Given information:
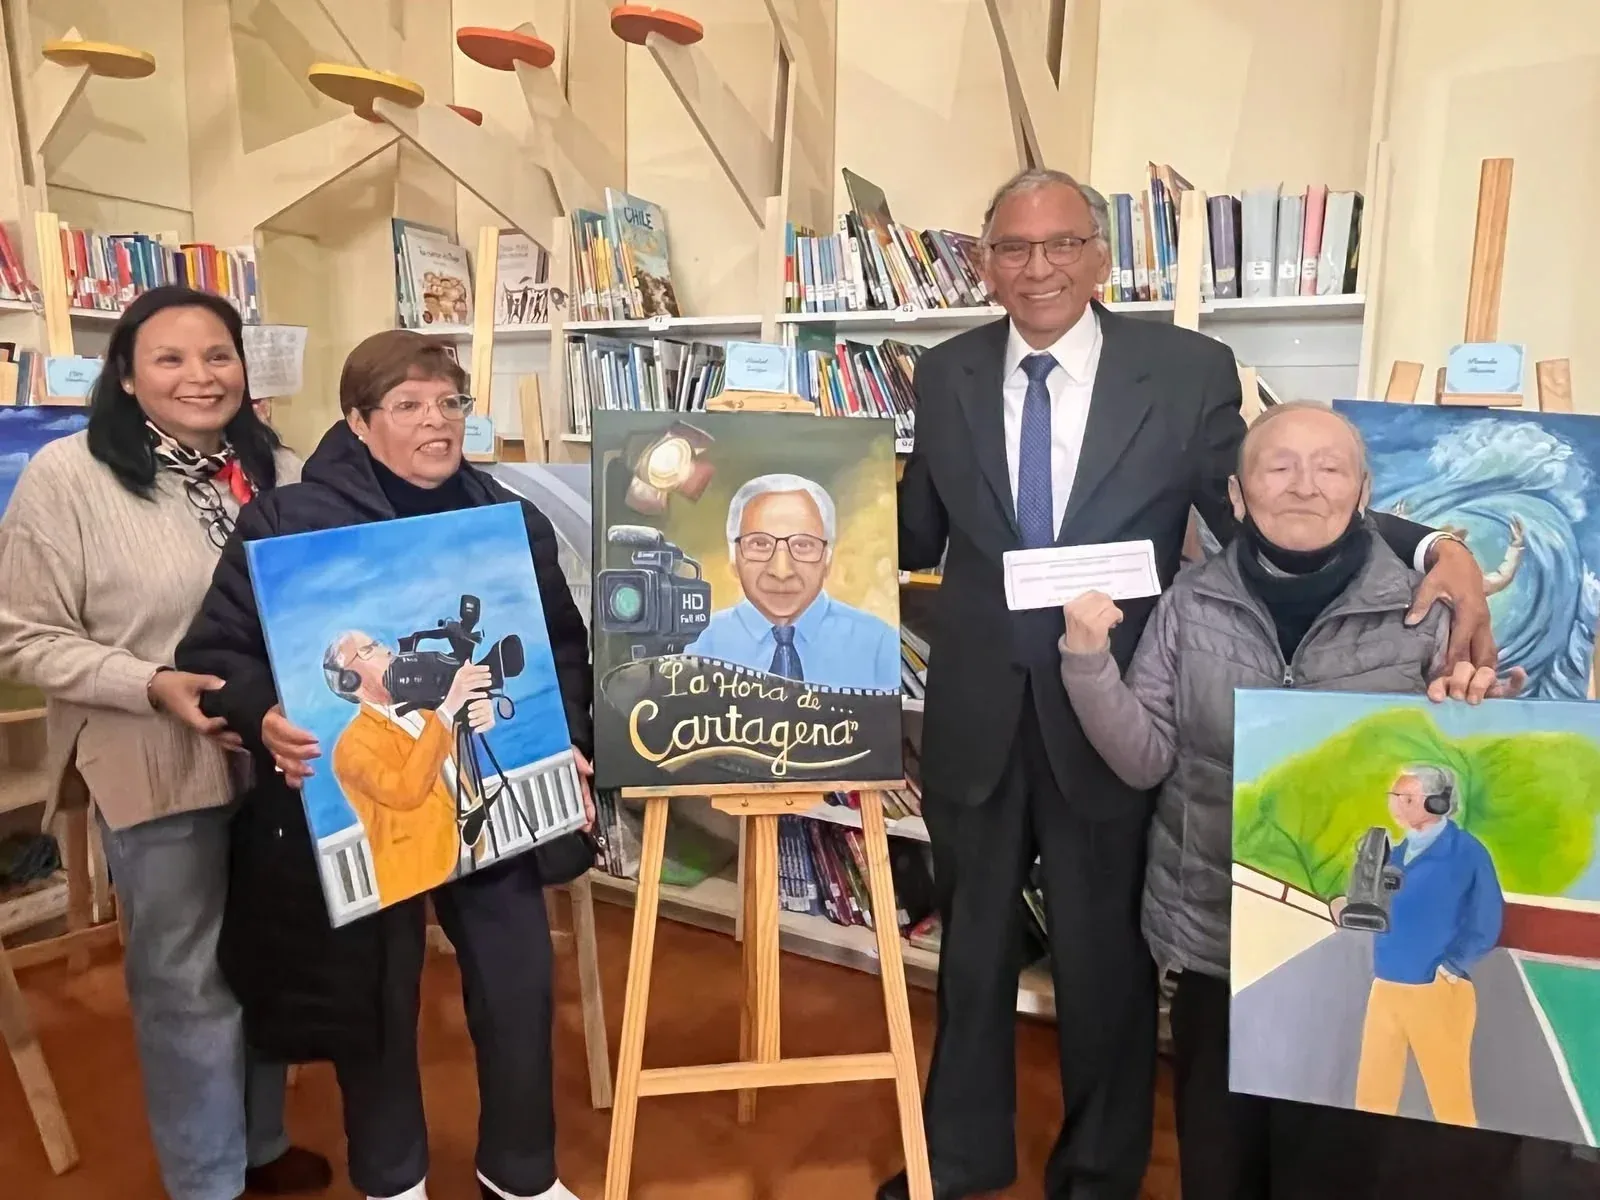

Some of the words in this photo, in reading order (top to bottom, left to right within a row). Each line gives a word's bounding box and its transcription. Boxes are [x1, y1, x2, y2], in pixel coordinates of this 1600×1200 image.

[623, 206, 654, 230] CHILE
[682, 593, 704, 610] HD
[713, 671, 788, 702] Hora
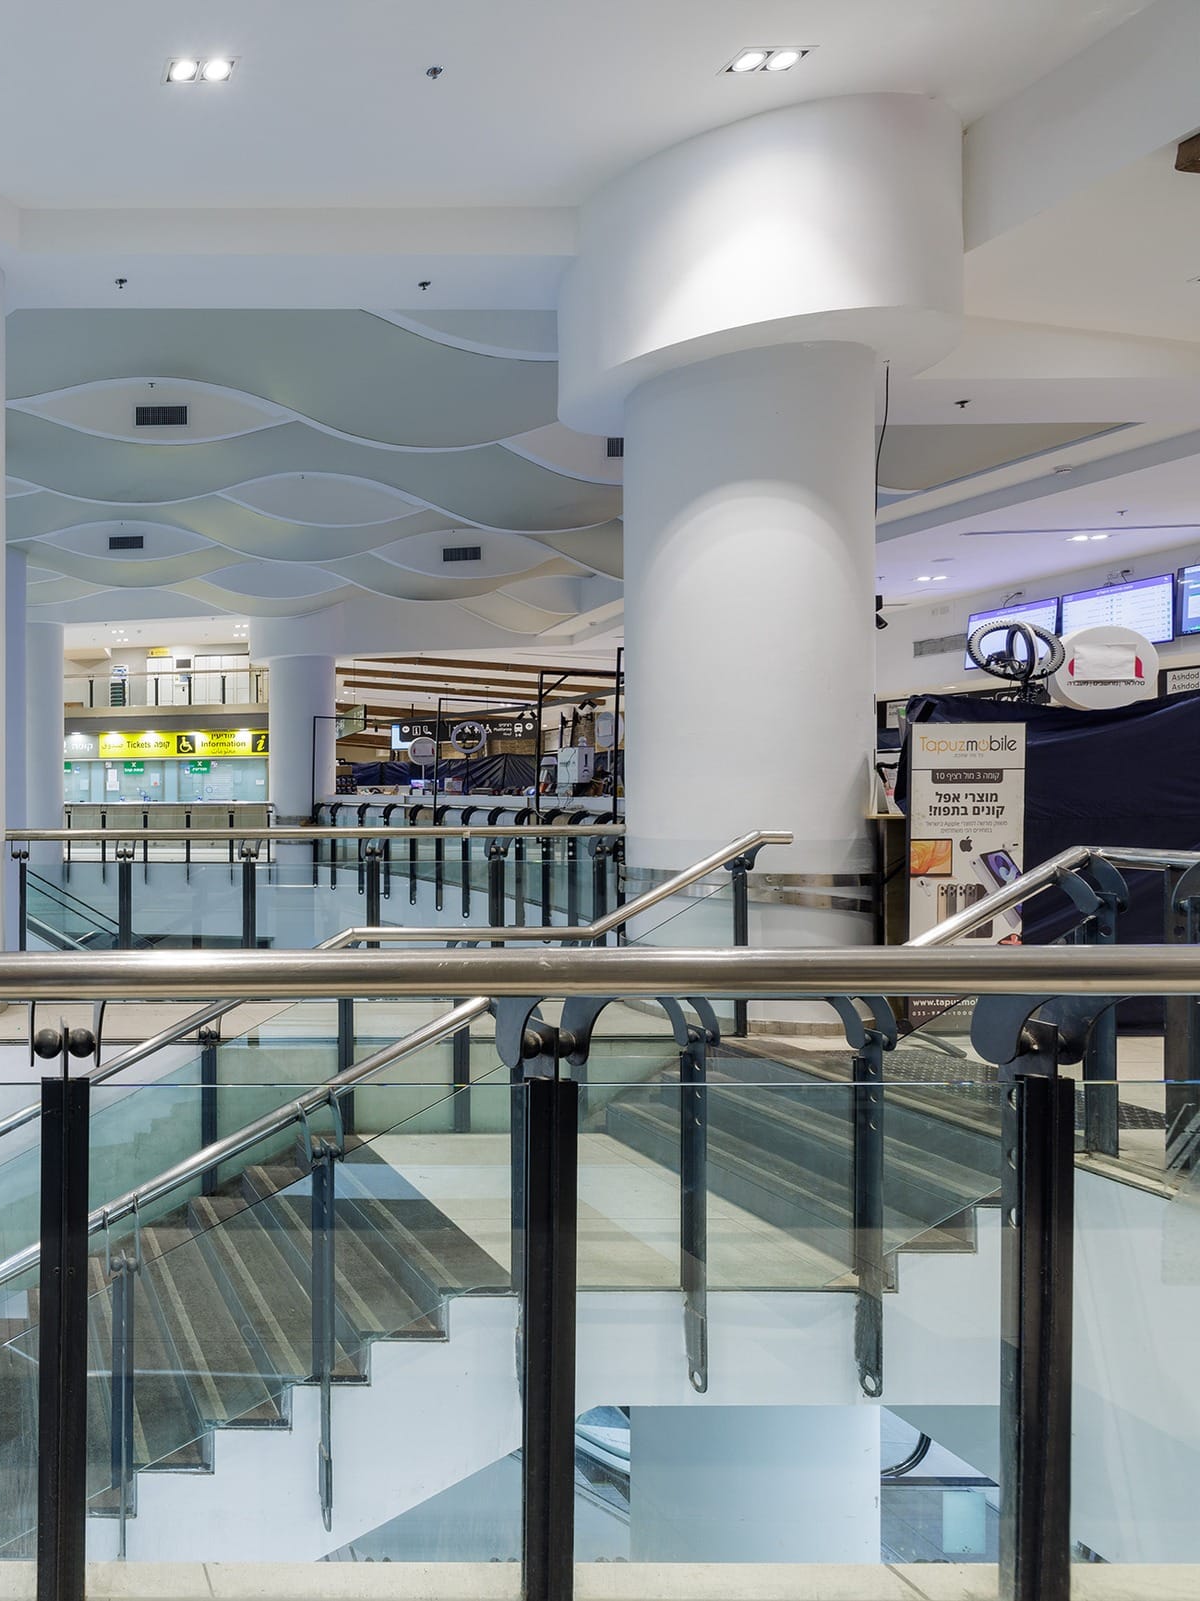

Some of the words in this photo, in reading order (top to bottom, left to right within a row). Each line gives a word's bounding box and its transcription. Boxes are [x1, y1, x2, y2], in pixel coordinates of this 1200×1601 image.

[1171, 671, 1200, 682] Ashdod
[1171, 681, 1200, 691] Ashdod
[126, 741, 151, 749] Tickets
[201, 740, 246, 748] Information
[919, 734, 1017, 755] Tapuzmobile
[935, 772, 945, 780] 10
[945, 772, 962, 781] רציף
[963, 771, 975, 780] מול
[976, 772, 981, 780] 3
[982, 771, 1000, 781] קומה
[935, 791, 961, 803] אפל
[965, 792, 999, 803] מוצרי
[928, 805, 969, 816] בתפוז!
[972, 805, 1005, 818] קונים
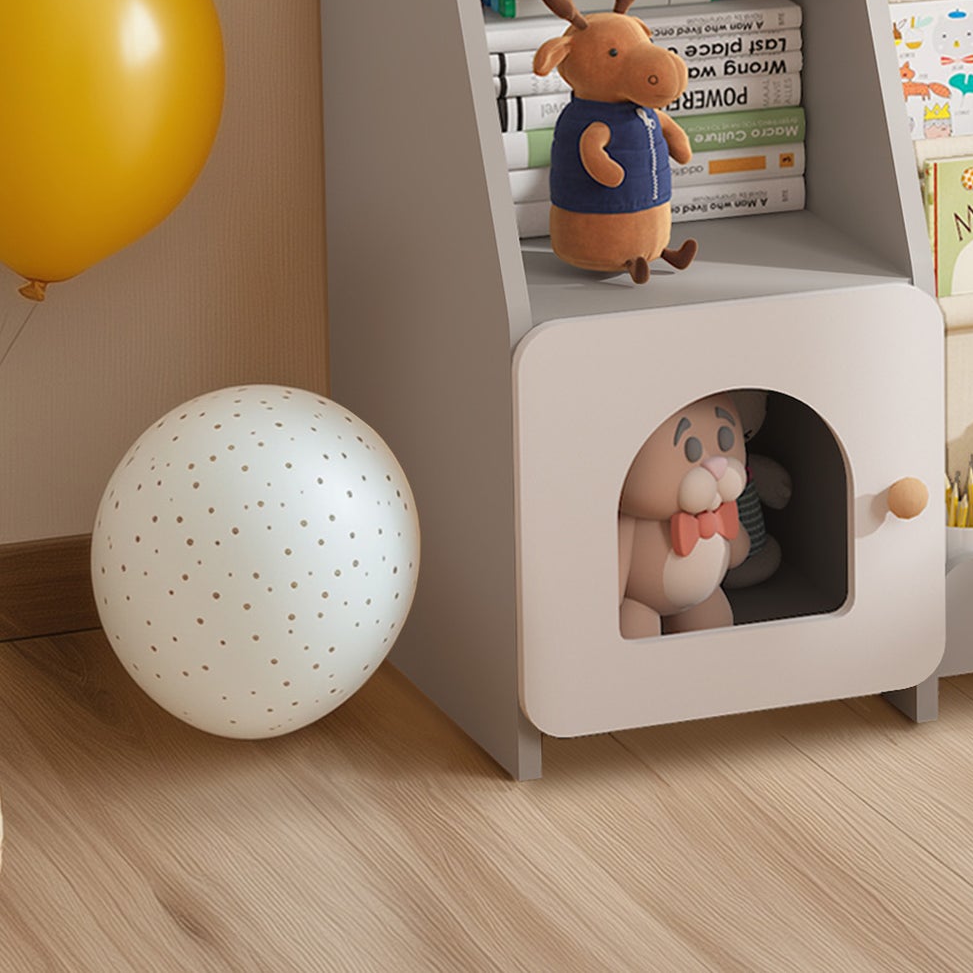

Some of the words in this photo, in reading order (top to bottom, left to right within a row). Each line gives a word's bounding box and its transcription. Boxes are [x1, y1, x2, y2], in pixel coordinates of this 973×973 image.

[704, 25, 728, 34] who
[729, 22, 753, 31] Man
[756, 21, 764, 29] A
[677, 26, 703, 37] lived
[685, 37, 742, 57] place
[749, 37, 786, 53] Last
[724, 60, 786, 77] Wrong
[694, 129, 747, 143] Culture
[751, 125, 799, 138] Macro
[710, 202, 732, 212] who
[734, 199, 758, 208] Man
[760, 198, 768, 207] A
[682, 204, 708, 215] lived

Brief: Could you give all of the data again exactly as written, omitting any pictures?

Your solution:
Some of the words in this photo, in reading order (top to bottom, left to right within a row). Each line gives a word's bounding box and its transcription. Boxes are [x1, y1, x2, y2], in pixel coordinates of this 1600×1200 image.

[623, 206, 654, 230] CHILE
[682, 593, 704, 610] HD
[713, 671, 788, 702] Hora

Some of the words in this photo, in reading order (top to bottom, left to right within a row). Each line gives a word's bounding box and its transcription. Boxes are [x1, y1, x2, y2], in pixel coordinates of this 1200×1601 image.

[1171, 671, 1200, 682] Ashdod
[1171, 681, 1200, 691] Ashdod
[126, 741, 151, 749] Tickets
[201, 740, 246, 748] Information
[919, 734, 1017, 755] Tapuzmobile
[935, 772, 945, 780] 10
[945, 772, 962, 781] רציף
[963, 771, 975, 780] מול
[976, 772, 981, 780] 3
[982, 771, 1000, 781] קומה
[935, 791, 961, 803] אפל
[965, 792, 999, 803] מוצרי
[928, 805, 969, 816] בתפוז!
[972, 805, 1005, 818] קונים

Some of the words in this photo, in reading order (top to bottom, left to right within a row). Each line gives a word's bounding box and its transcription. Boxes are [x1, y1, x2, y2], in pixel coordinates of this 973×973 image.

[704, 25, 728, 34] who
[729, 22, 753, 31] Man
[756, 21, 764, 29] A
[677, 26, 703, 37] lived
[685, 37, 742, 57] place
[749, 37, 786, 53] Last
[724, 60, 786, 77] Wrong
[694, 129, 747, 143] Culture
[751, 125, 799, 138] Macro
[710, 202, 732, 212] who
[734, 199, 758, 208] Man
[760, 198, 768, 207] A
[682, 204, 708, 215] lived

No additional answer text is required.